Last night, I met up with an old friend for a drink, or a ‘bevvy’, as he so naturally put it. But as he’s Scottish, I guess that’s hardly a surprise.
He’s clearly knowledgeable of his drink, and has the belly to prove it (sorry, pal), for he’d offer his opinion on everything from local beers to vodka distilled like whiskey. Thrappledouser was a good recommendation of his. It was light and fruity, almost what you’d expect from a white wine. And he’s not your typical lads-on-tour-two-Fosters-and-dancing-as-if-pumped-with-heroin kinda guy, which is great.
Journalism’s his game and he’s doing well for himself, and that makes me a tad envious.
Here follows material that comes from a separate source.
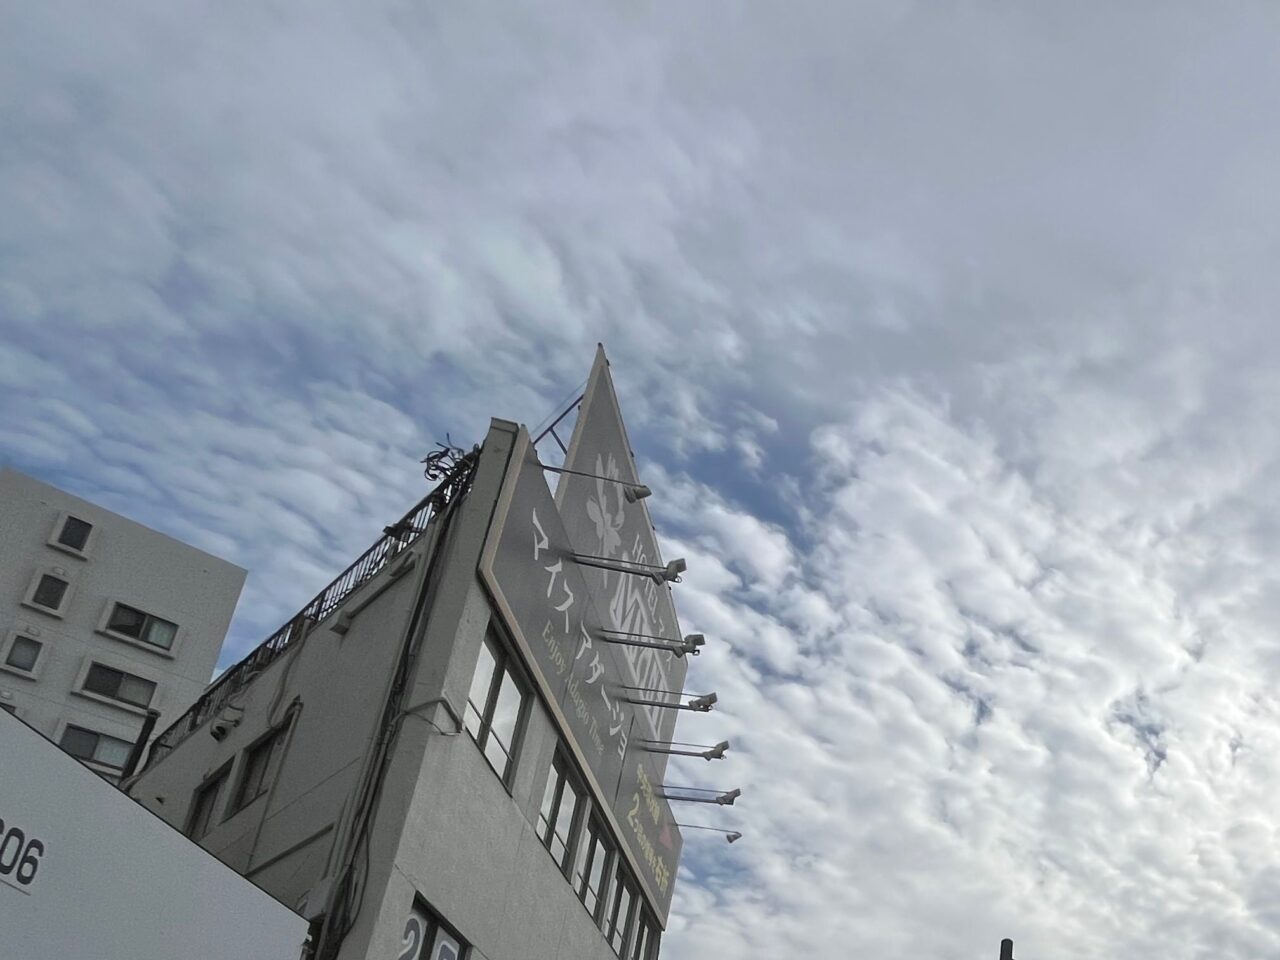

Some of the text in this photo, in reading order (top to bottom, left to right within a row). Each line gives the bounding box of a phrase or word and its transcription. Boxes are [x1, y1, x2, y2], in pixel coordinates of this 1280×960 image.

But he’s modest and down-to-earth, his achievements seem like they could be my own. It makes my envying a positive thing. I want to emulate him.
However, I don’t think I’m cut out for the reporting world, at least not the politics side of things which he’s covering during his placement in Edinburgh. I’m more inclined to have an opinion, review cultural events, the words I write being a transcription of my thoughts. And although I knew that journalism is demanding, I don’t think I truly appreciated just how intense it can be until he summarised his working day: up at 8am, research, research, research, and back home when you’ve finished your work, regardless of when that may be. Sometimes he doesn’t even get a word in print. And he’s doing that 5 days a week for the next month before heading back to uni.
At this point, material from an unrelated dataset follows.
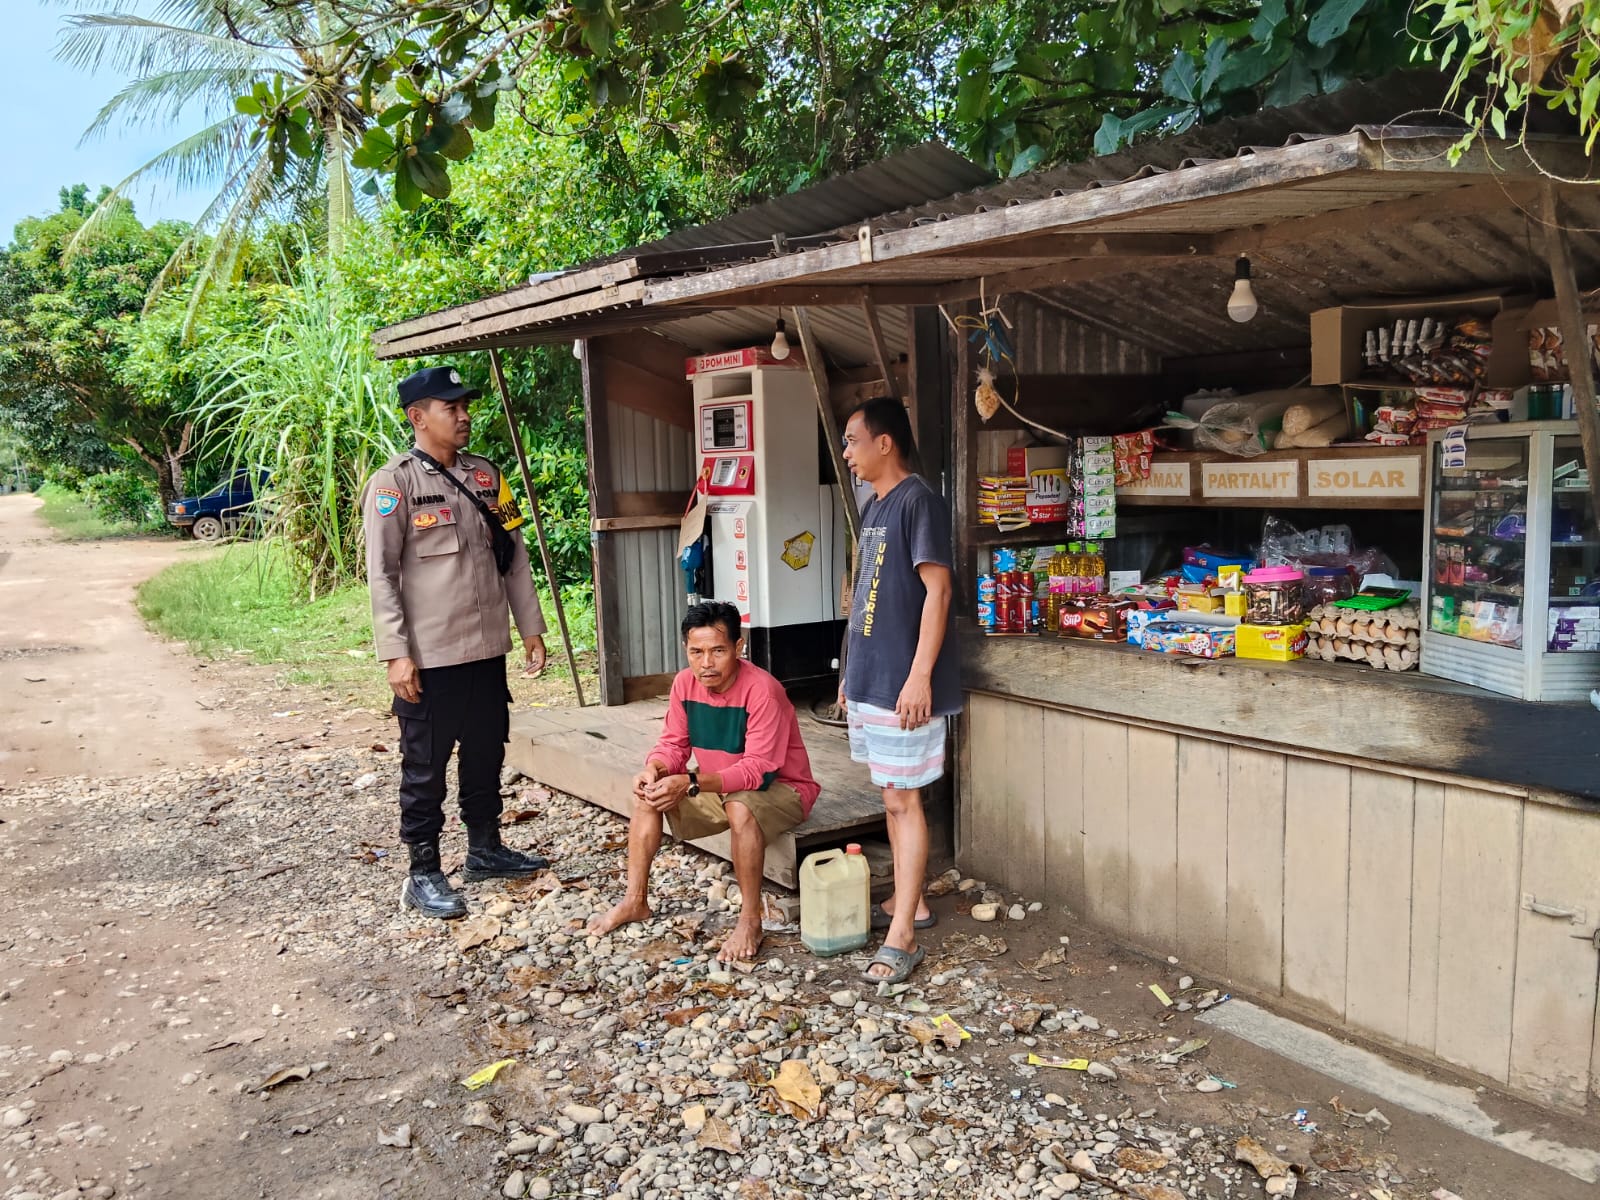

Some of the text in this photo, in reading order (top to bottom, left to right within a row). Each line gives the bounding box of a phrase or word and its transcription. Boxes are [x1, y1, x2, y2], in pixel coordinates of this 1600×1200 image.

Naturally, the way to unwind after a long day’s journalism is to head to the pub. I met him at the Earl of Marchmont, a teeny pub just south of the Meadows, Edinburgh. And it proved that size doesn’t matter. In fact, it was one of the best pubs I’ve been to.
Everyone in there was affable, and there were none of them twatty types with their designer suits, slick hair and boisterous banter. In other words, there was no one in there that you’d want to lock inside a freezer or cover in honey and feed to some ants.
The pub itself also conveyed a friendly, laid-back nature. The tables were close together, so you’d always have someone to sit next to, yet you never felt cramped. Someone was playing a guitar, others watched football on the TVs, one man brought his dog in, and it was but 5 seconds to the door for a cigarette. And for a pub, the toilets were especially clean.
Furthermore, they had a fantastic array of whiskeys to choose from, although having dived into some Guinness, I though it’d best not to mix things up. I remember all too well the last time I mixed drinks, because I recall nothing at all. I passed out.
But something I’ll remember from last night is that I had a good time. I hope to meet up with him again soon, and I’ll be returning to the Earl.